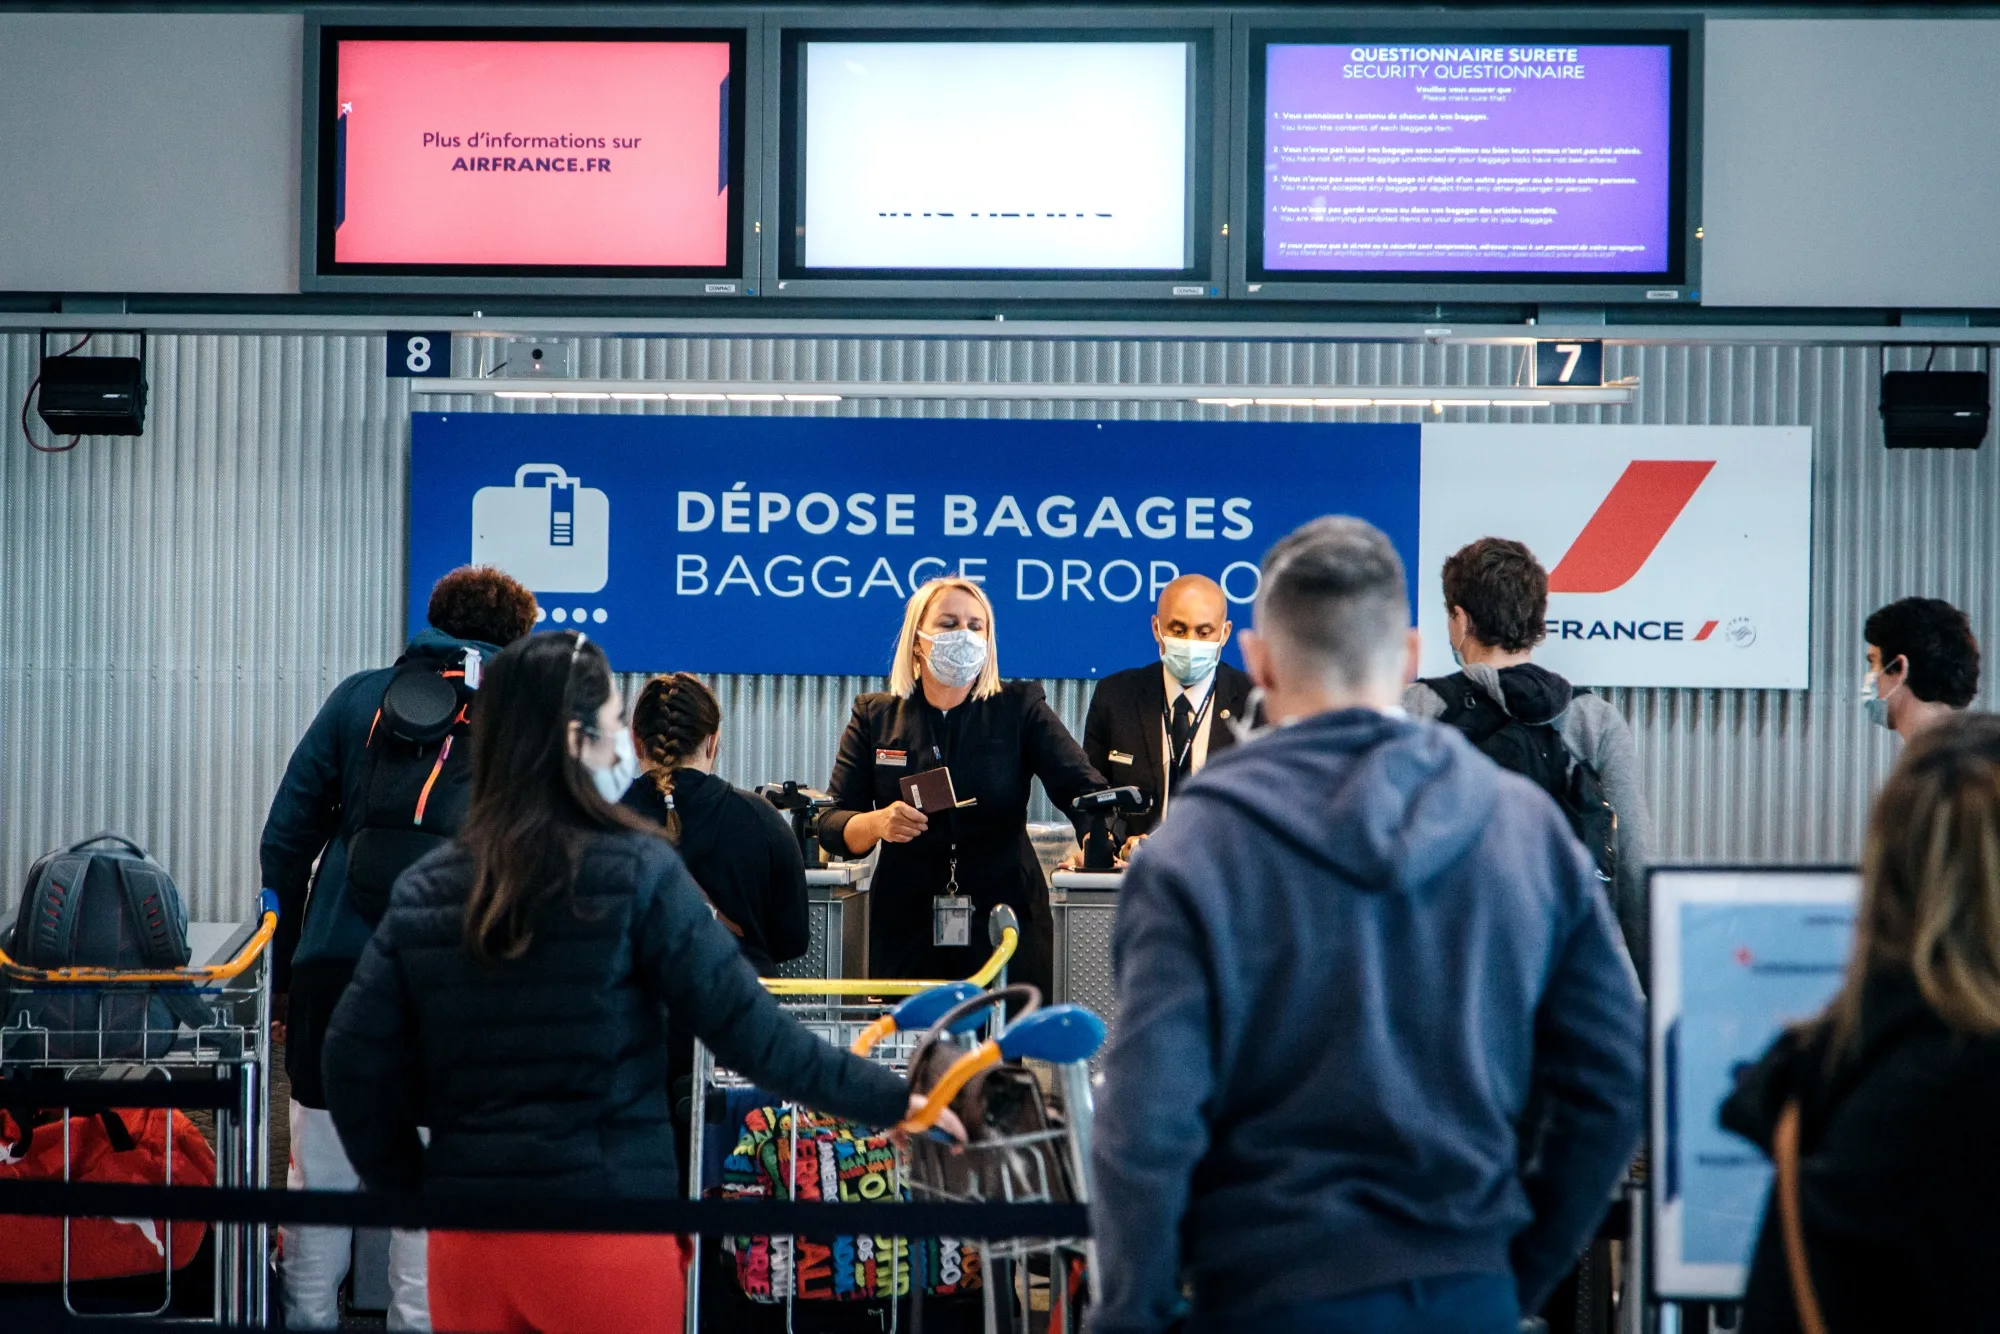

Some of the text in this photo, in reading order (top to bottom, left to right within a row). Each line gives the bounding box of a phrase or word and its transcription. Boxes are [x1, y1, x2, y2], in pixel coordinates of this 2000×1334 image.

[1350, 47, 1578, 63] QUESTIONNAIRE SURETE
[1342, 63, 1586, 80] SECURITY QUESTIONNAIRE
[423, 131, 642, 149] Plus d'informations sur
[451, 157, 612, 172] AIRFRANCE.FR
[406, 336, 432, 373] 8
[1554, 343, 1583, 383] 7
[676, 481, 1254, 541] DÉPOSE BAGAGES
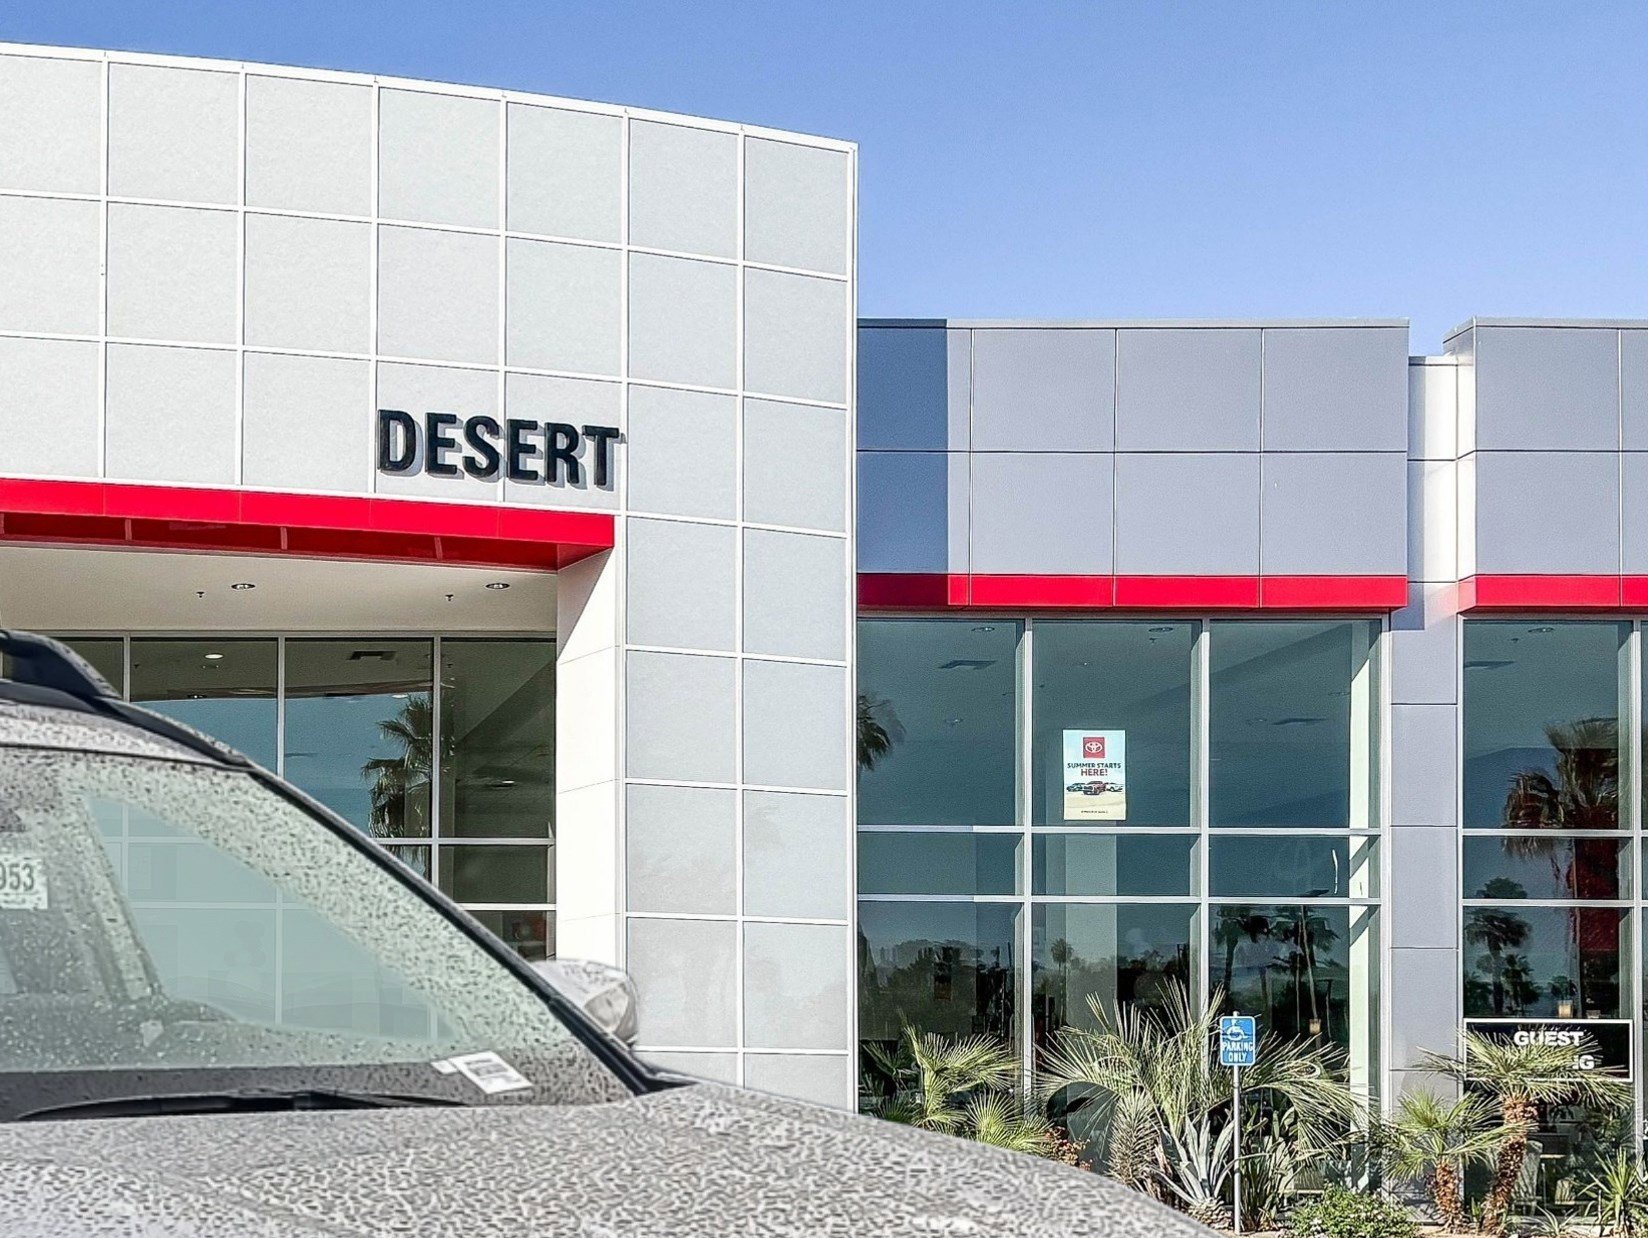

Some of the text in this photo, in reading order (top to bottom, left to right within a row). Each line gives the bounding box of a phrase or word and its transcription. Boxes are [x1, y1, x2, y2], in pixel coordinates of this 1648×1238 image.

[376, 409, 621, 487] DESERT
[1080, 768, 1108, 777] HERE!
[1513, 1030, 1585, 1047] GUEST
[1222, 1041, 1254, 1052] PARKING
[1228, 1052, 1248, 1062] ONLY
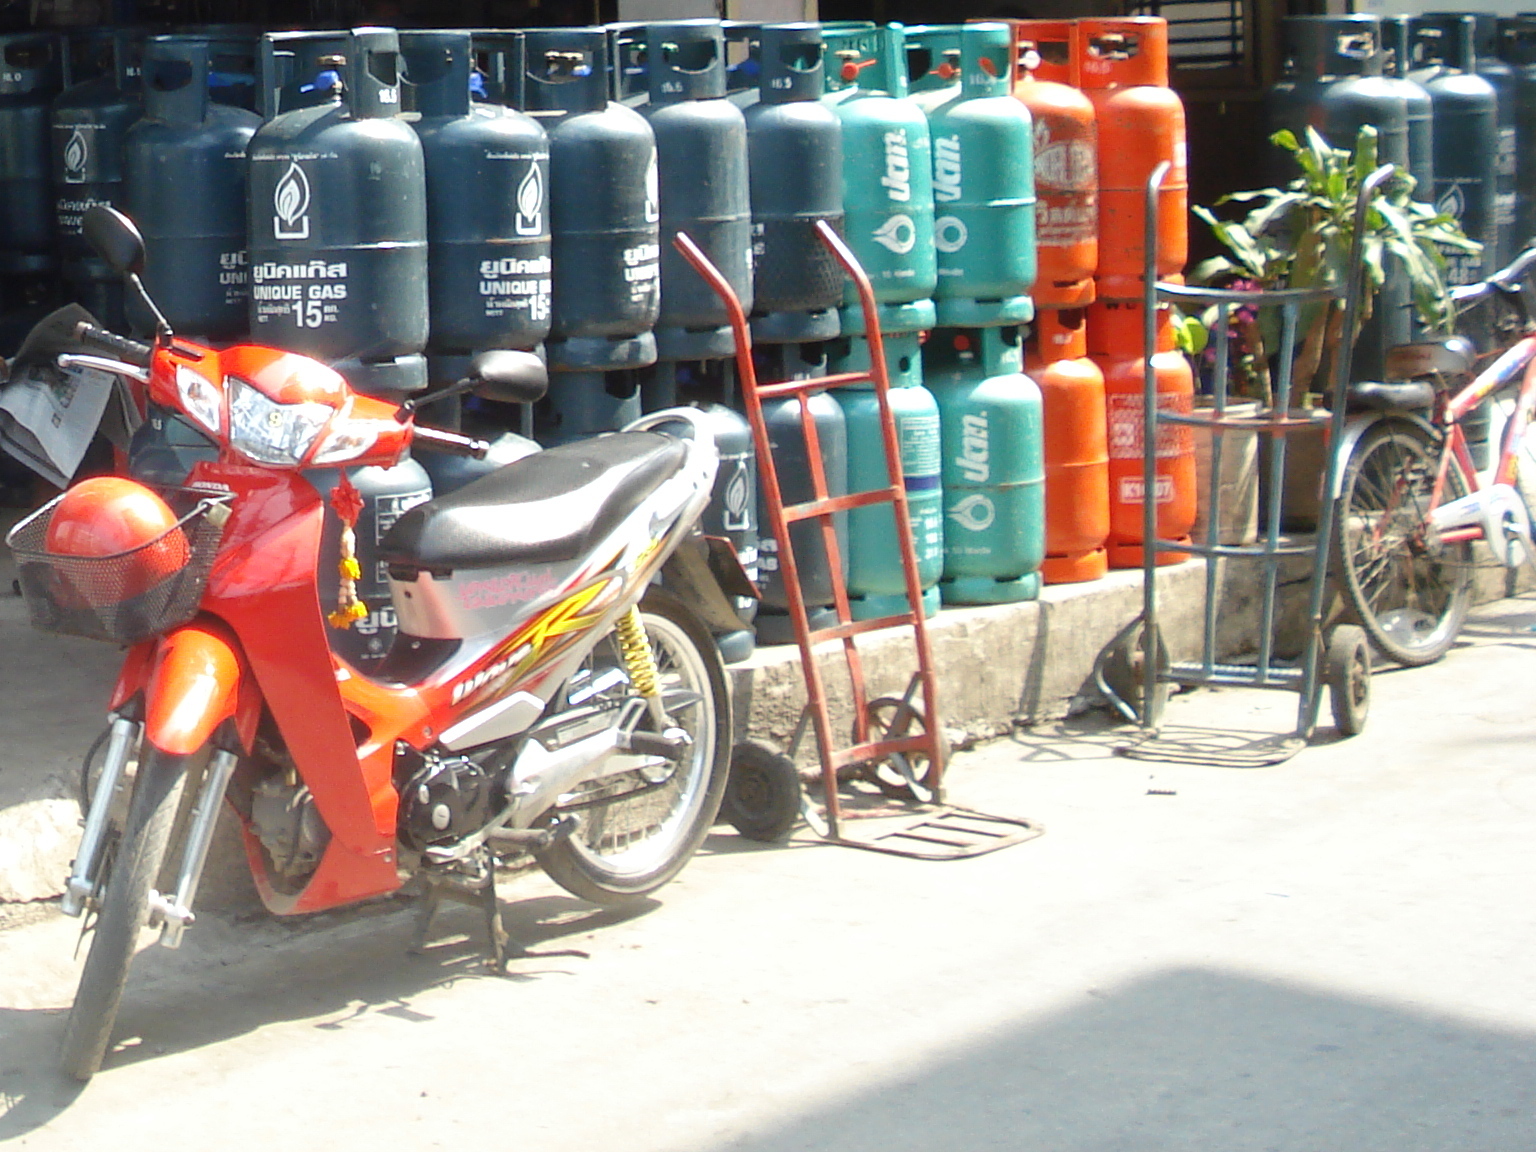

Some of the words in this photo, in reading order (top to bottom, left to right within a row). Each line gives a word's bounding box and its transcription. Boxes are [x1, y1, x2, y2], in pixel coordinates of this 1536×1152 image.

- _Work required_
Without the pictures, restate each entry exactly.

- _Solution for this exercise_
Some of the text in this photo, in reading order (top to bottom, left to right within a row). Each line gives the bounding box of a phrase or word and its transcription. Boxes are [x1, y1, x2, y2], in pixel coordinates of this 2000×1334 image.

[1350, 47, 1578, 63] QUESTIONNAIRE SURETE
[1342, 63, 1586, 80] SECURITY QUESTIONNAIRE
[423, 131, 642, 149] Plus d'informations sur
[451, 157, 612, 172] AIRFRANCE.FR
[406, 336, 432, 373] 8
[1554, 343, 1583, 383] 7
[676, 481, 1254, 541] DÉPOSE BAGAGES

Some of the text in this photo, in reading order (top to bottom, left to right within a row). Each line gives the bounding box of a phrase or word and its transcription. Boxes are [x1, y1, x2, y2], in pixel coordinates of this 1648×1238 image.

[376, 409, 621, 487] DESERT
[1080, 768, 1108, 777] HERE!
[1513, 1030, 1585, 1047] GUEST
[1222, 1041, 1254, 1052] PARKING
[1228, 1052, 1248, 1062] ONLY

Some of the words in this photo, in reading order (top to bottom, left to right within a row). Each line gives a word's bounding box and its transcription. Boxes are [x1, y1, x2, y2], in pixel coordinates of this 1536×1152 image.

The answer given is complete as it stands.